- _EXERCISE BRIEF_:
Set down every record below exactly as it stands, minus the pictures.

[Image-backed grounding data]

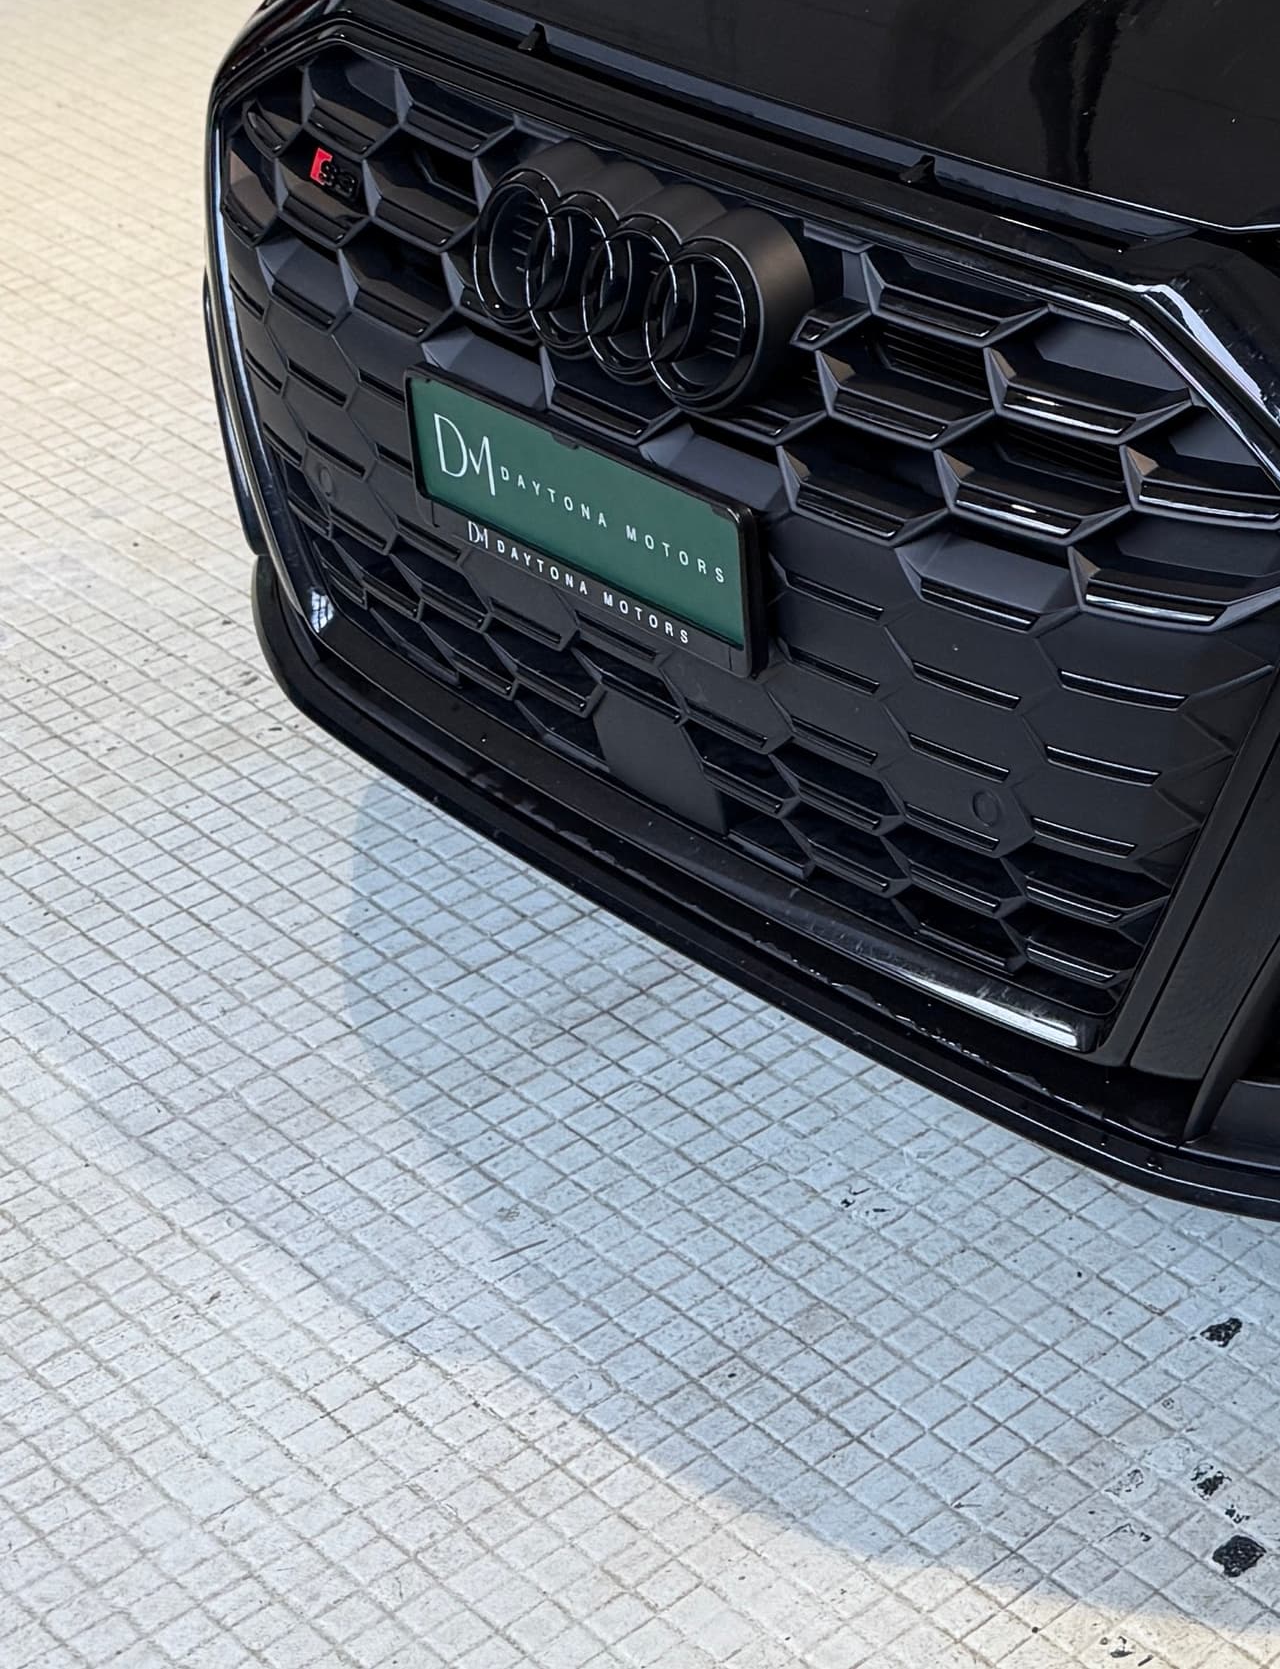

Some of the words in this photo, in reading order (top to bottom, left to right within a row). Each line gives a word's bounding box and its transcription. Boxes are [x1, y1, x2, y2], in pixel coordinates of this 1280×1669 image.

[500, 466, 607, 528] DAYTONA
[626, 525, 725, 583] MOTORS
[497, 540, 588, 595] DAYTONA
[603, 592, 689, 644] MOTORS
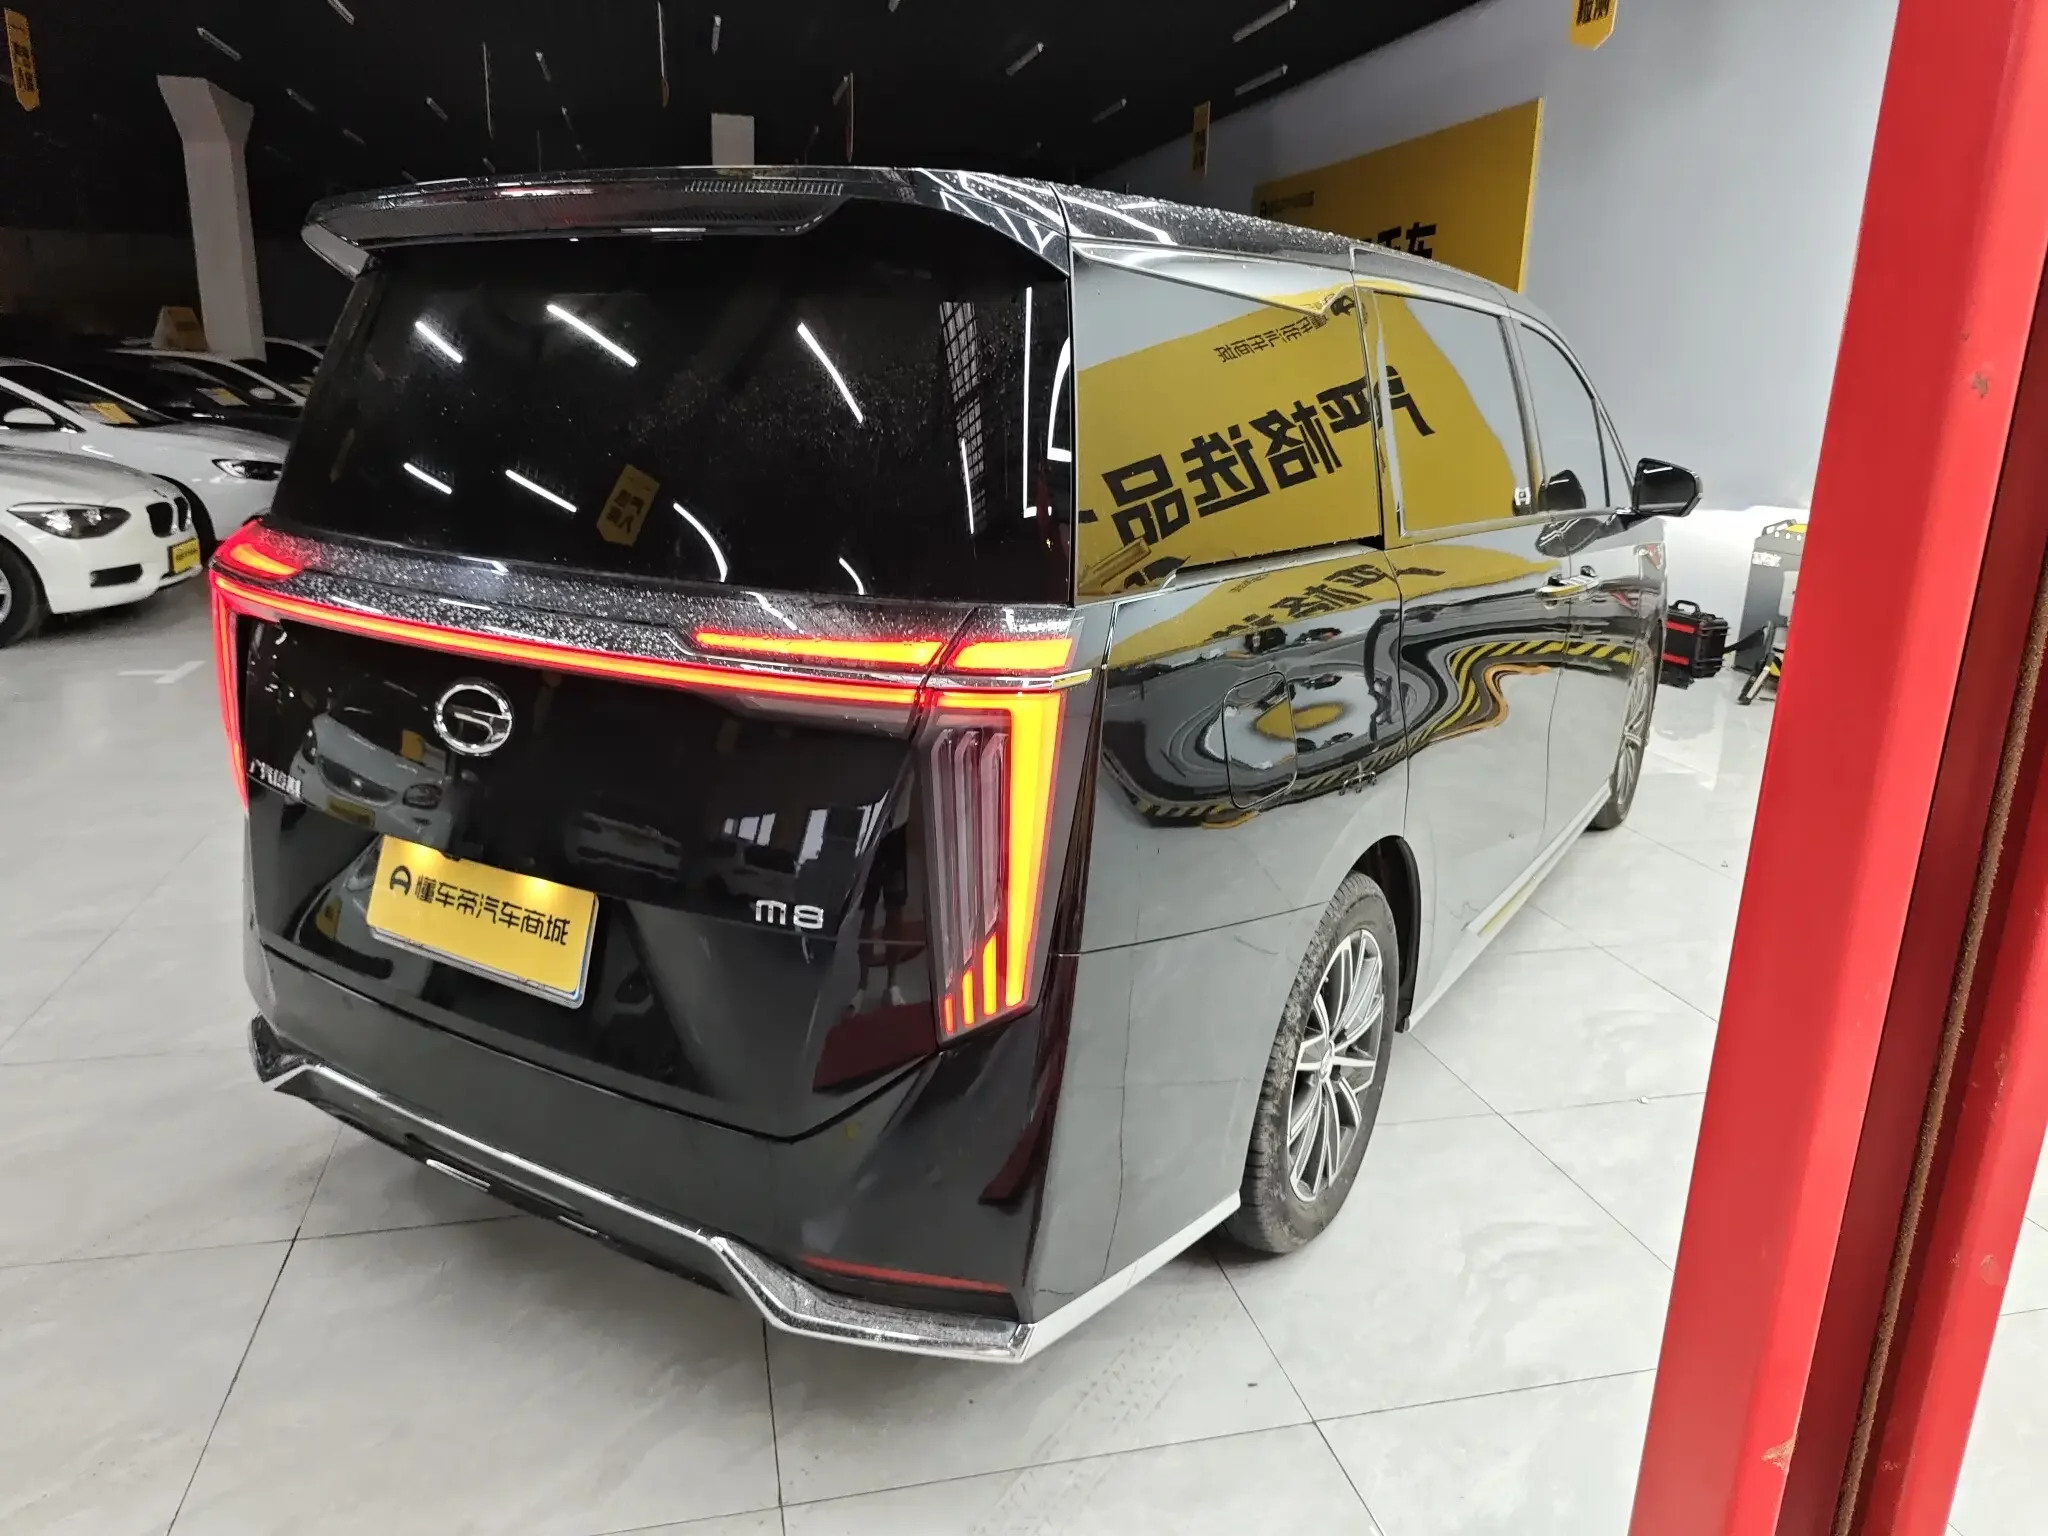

- _EXERCISE ANSWER_:
Some of the words in this photo, in reading order (top to bottom, left to right within a row). Each line gives a word's bounding box and its transcription. Boxes are [x1, y1, x2, y2], in pixel coordinates of this 1280×1669 image.

[500, 466, 607, 528] DAYTONA
[626, 525, 725, 583] MOTORS
[497, 540, 588, 595] DAYTONA
[603, 592, 689, 644] MOTORS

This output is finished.